Thursday, July 1, 2010

Solitary Man: No comfort for old salesmen


The title is ironic, though the movie itself at times seems to be not entirely aware of this, nonsensically launching its opening credit sequence with Johnny Cash’s rendition of the titular Neil Diamond ditty about a young man’s unease with cheating women, which is rather the opposite of what’s going on here. Six years after the mere mention of a potential heart problem prompted a late mid-life crisis and a catastrophic and very public personal meltdown, career car peddler Ben Kalmen (Michael Douglas) seems capable of just about anything other than being alone. He may have split from his wife Nancy (Susan Sarandon in a pretty thankless supporting role), but most nights he’s on the prowl for fresh flesh, preferably under 40, which according to Ben is the threshold beyond which the body “thickens.”

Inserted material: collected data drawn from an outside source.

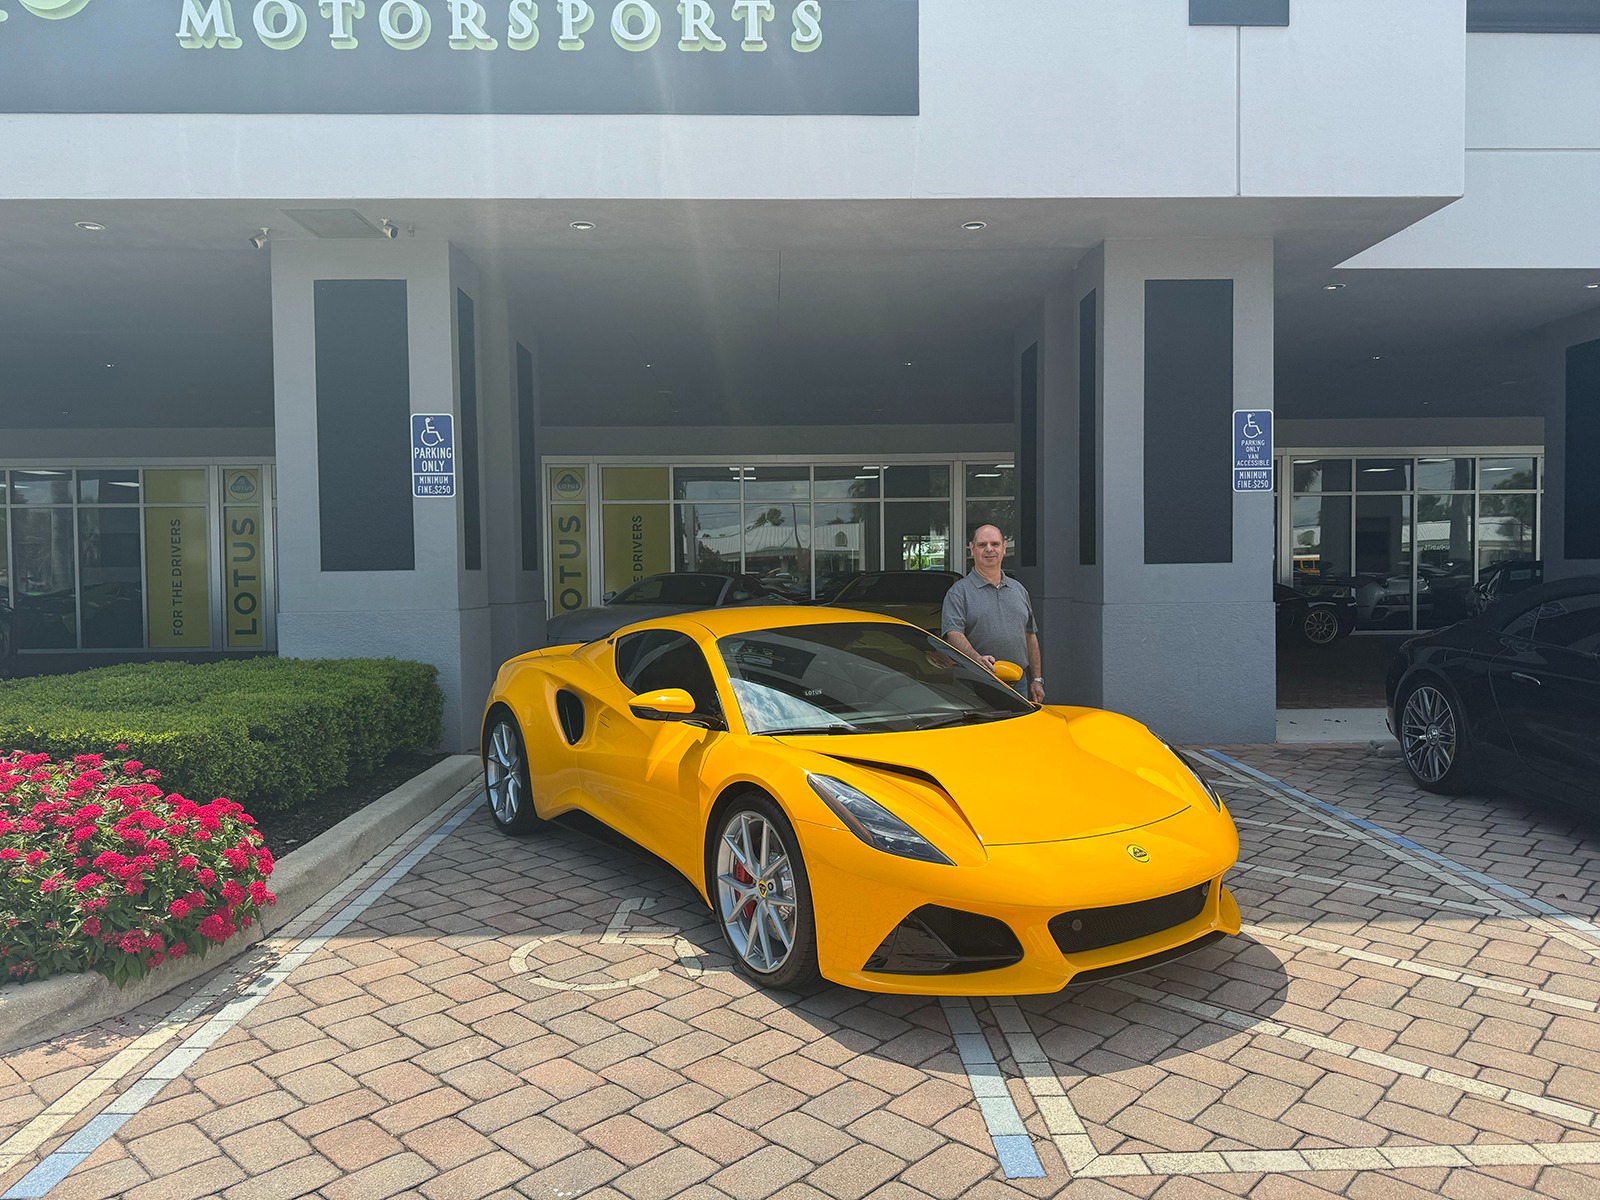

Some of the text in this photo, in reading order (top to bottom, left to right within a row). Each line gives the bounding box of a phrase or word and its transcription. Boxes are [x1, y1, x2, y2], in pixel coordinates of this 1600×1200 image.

[175, 0, 823, 51] MOTORSPORTS
[414, 447, 452, 459] PARKING
[421, 461, 445, 472] ONLY
[417, 485, 451, 494] FINE $250
[419, 476, 449, 484] MINIMUM
[1239, 471, 1267, 479] MINIMUM
[632, 515, 643, 572] DRIVERS
[170, 519, 184, 636] FOR THE DRIVERS
[231, 517, 257, 635] LOTUS
[558, 515, 582, 611] OTUS

Not only do women support the sating of Ben’s carnal desires, or more to the point, his self-esteem, they also supply him with important business contacts—Ben’s heavily reliant on nepotism since being arrested for fraud. See, the problem isn’t so much that Ben has sex with the barely legal daughter (Imogen Poots, very good) of his rich girlfriend Jordan (Mary-Louise Parker), but that he was going out with the rich girlfriend in the first place. Jordan is only the most luscious embodiment—thickened or no—of Ben’s desperate cynicism in action. He’s using her, shamelessly. When push comes to shove comes to shit-kicking, which it will once that daughterly dalliance comes to light, it appears Ben will give up or sell-out just about anybody, including his adoring grandson, the subject of some emotional blackmail undertaken by Ben’s daughter, Susan (Jenna Fischer).

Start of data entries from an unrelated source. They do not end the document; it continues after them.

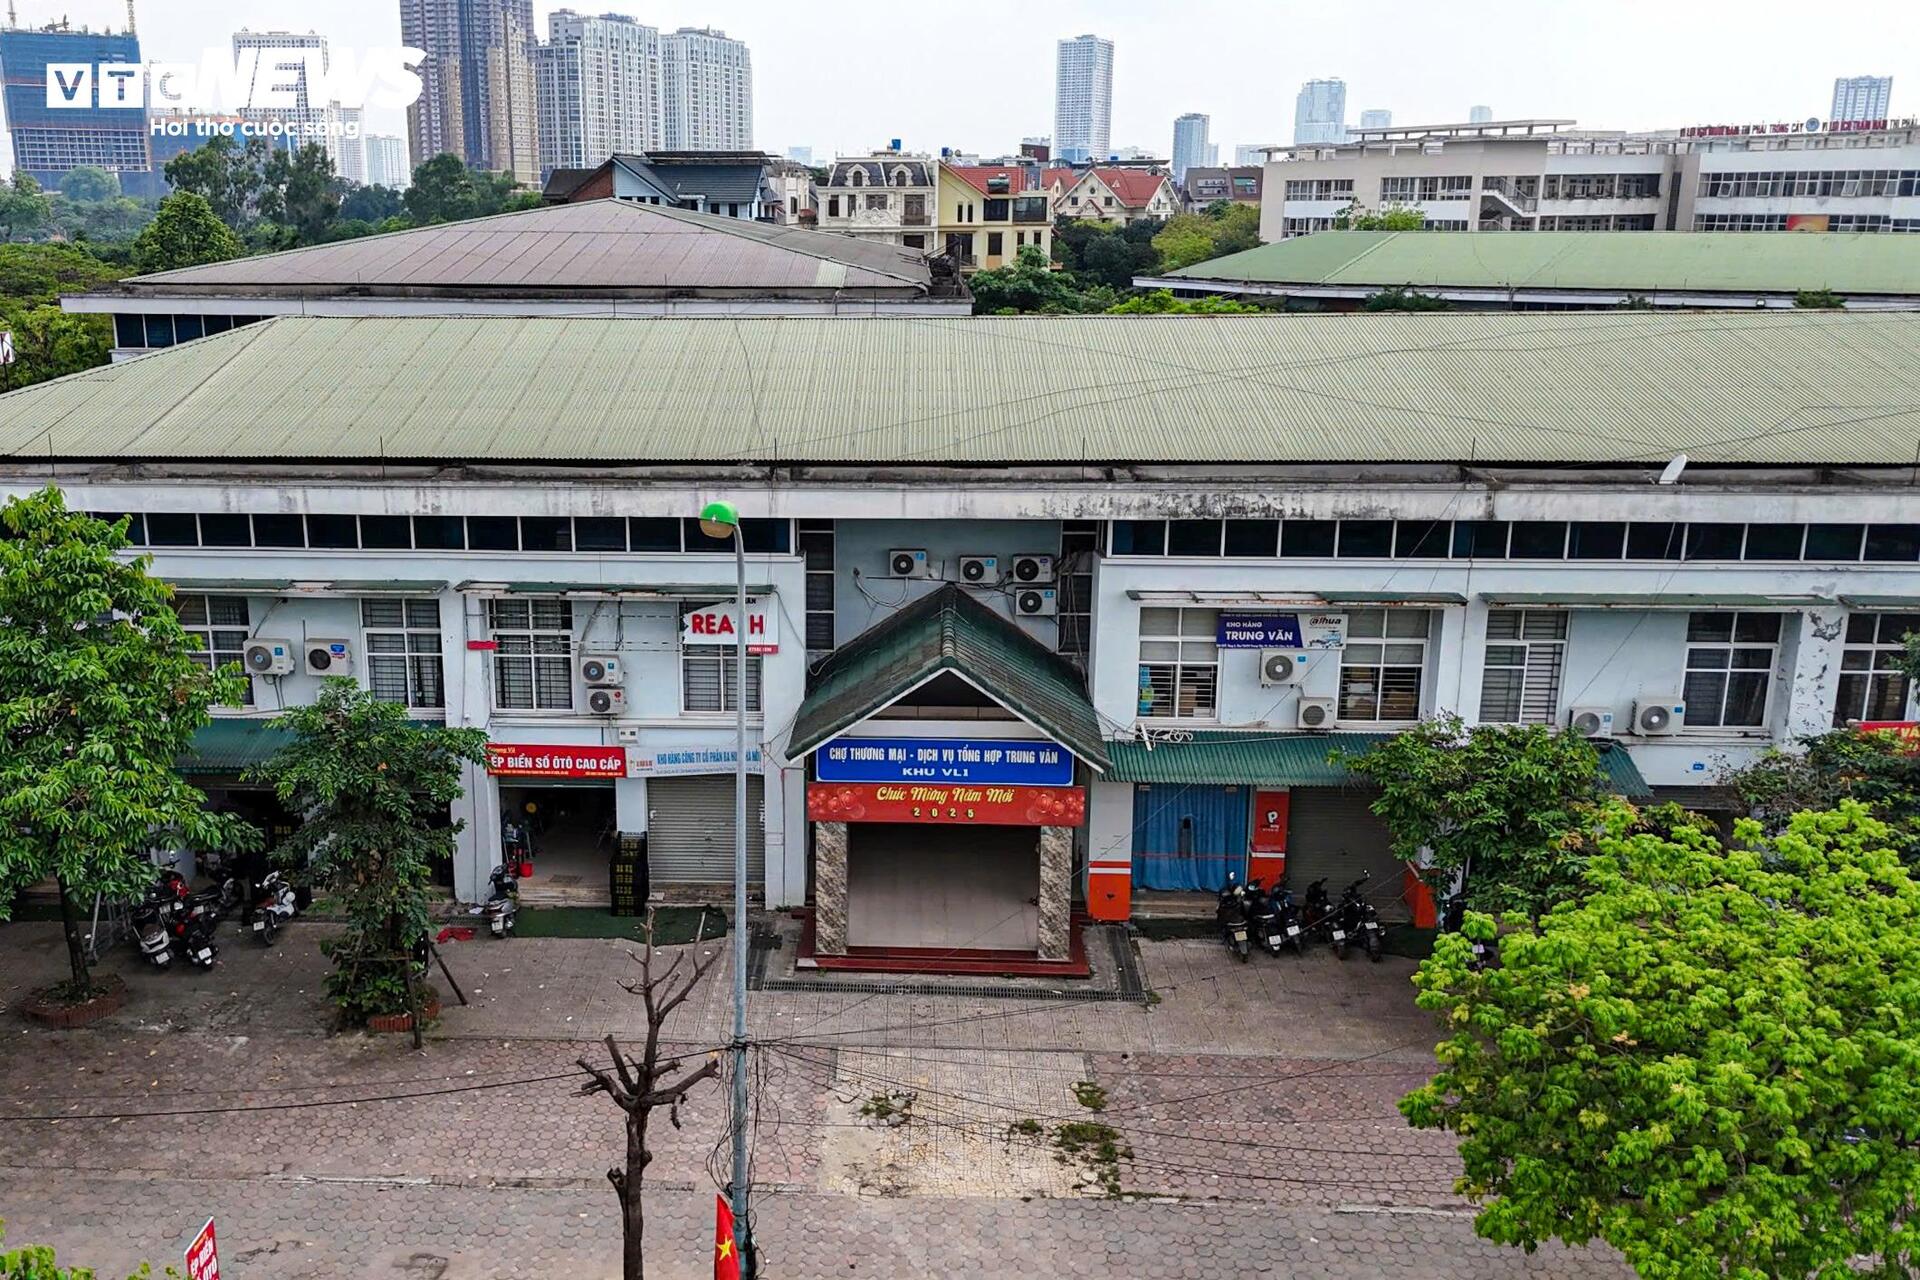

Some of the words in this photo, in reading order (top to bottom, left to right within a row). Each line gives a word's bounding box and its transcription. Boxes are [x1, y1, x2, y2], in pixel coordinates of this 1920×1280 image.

[1225, 631, 1264, 641] TRUNG
[1268, 629, 1293, 641] VĂN
[508, 753, 533, 768] BIỂN
[536, 753, 550, 768] SỐ
[553, 756, 573, 769] ÔTÔ
[576, 758, 597, 770] CAO
[600, 755, 621, 770] CẤP
[829, 747, 847, 763] CHỢ
[850, 746, 885, 760] THƯƠNG
[888, 748, 907, 764] MẠI
[917, 749, 939, 764] DỊCH
[942, 749, 955, 764] VỤ
[957, 744, 981, 762] TỔNG
[984, 750, 1003, 765] HỢP
[1005, 751, 1036, 763] TRUNG
[1039, 748, 1059, 764] VĂN
[902, 768, 936, 776] KHU
[877, 786, 908, 801] Chúc
[910, 786, 949, 805] Mừng
[952, 788, 983, 804] Năm
[986, 789, 1015, 804] Mới

Solitary Man, which opens in Toronto tomorrow, was co-directed by journeyman scenarists Brian Koppelman and David Levien, who previously collaborated in this same capacity for 2001’s Knockaround Guys. I vaguely remember feeling some sympathy for that earlier picture despite its finally rather hackneyed ensemble crime caper premise, and that more or less lines up with my response to Solitary Man. I found myself rooting for the movie right to the end, enjoying certain audacious twists and its willingness to let its hero sink pretty low while ostensibly en route to redemption, and Douglas gives a beautifully modulated, unapologetic, and detailed performance. But Ben seems oblivious, his mind made up about what mercenary tactics one must engage in to succeed in life, which results in some fun, pretty crude, and not devoid of truth life lessons offered by Ben to gawky college sophomore Dan (Jesse Eisenberg). I think what ultimately makes Solitary Man less than satisfying is that it strives to embrace the virtues of friendship, family, and solidarity, yet, even in Nancy’s eleventh-hour offer of rescue from still greater disaster, the whole movie, like Ben, remains fundamentally solipsistic. Not a single character besides Ben emerges as anything more than a functionary.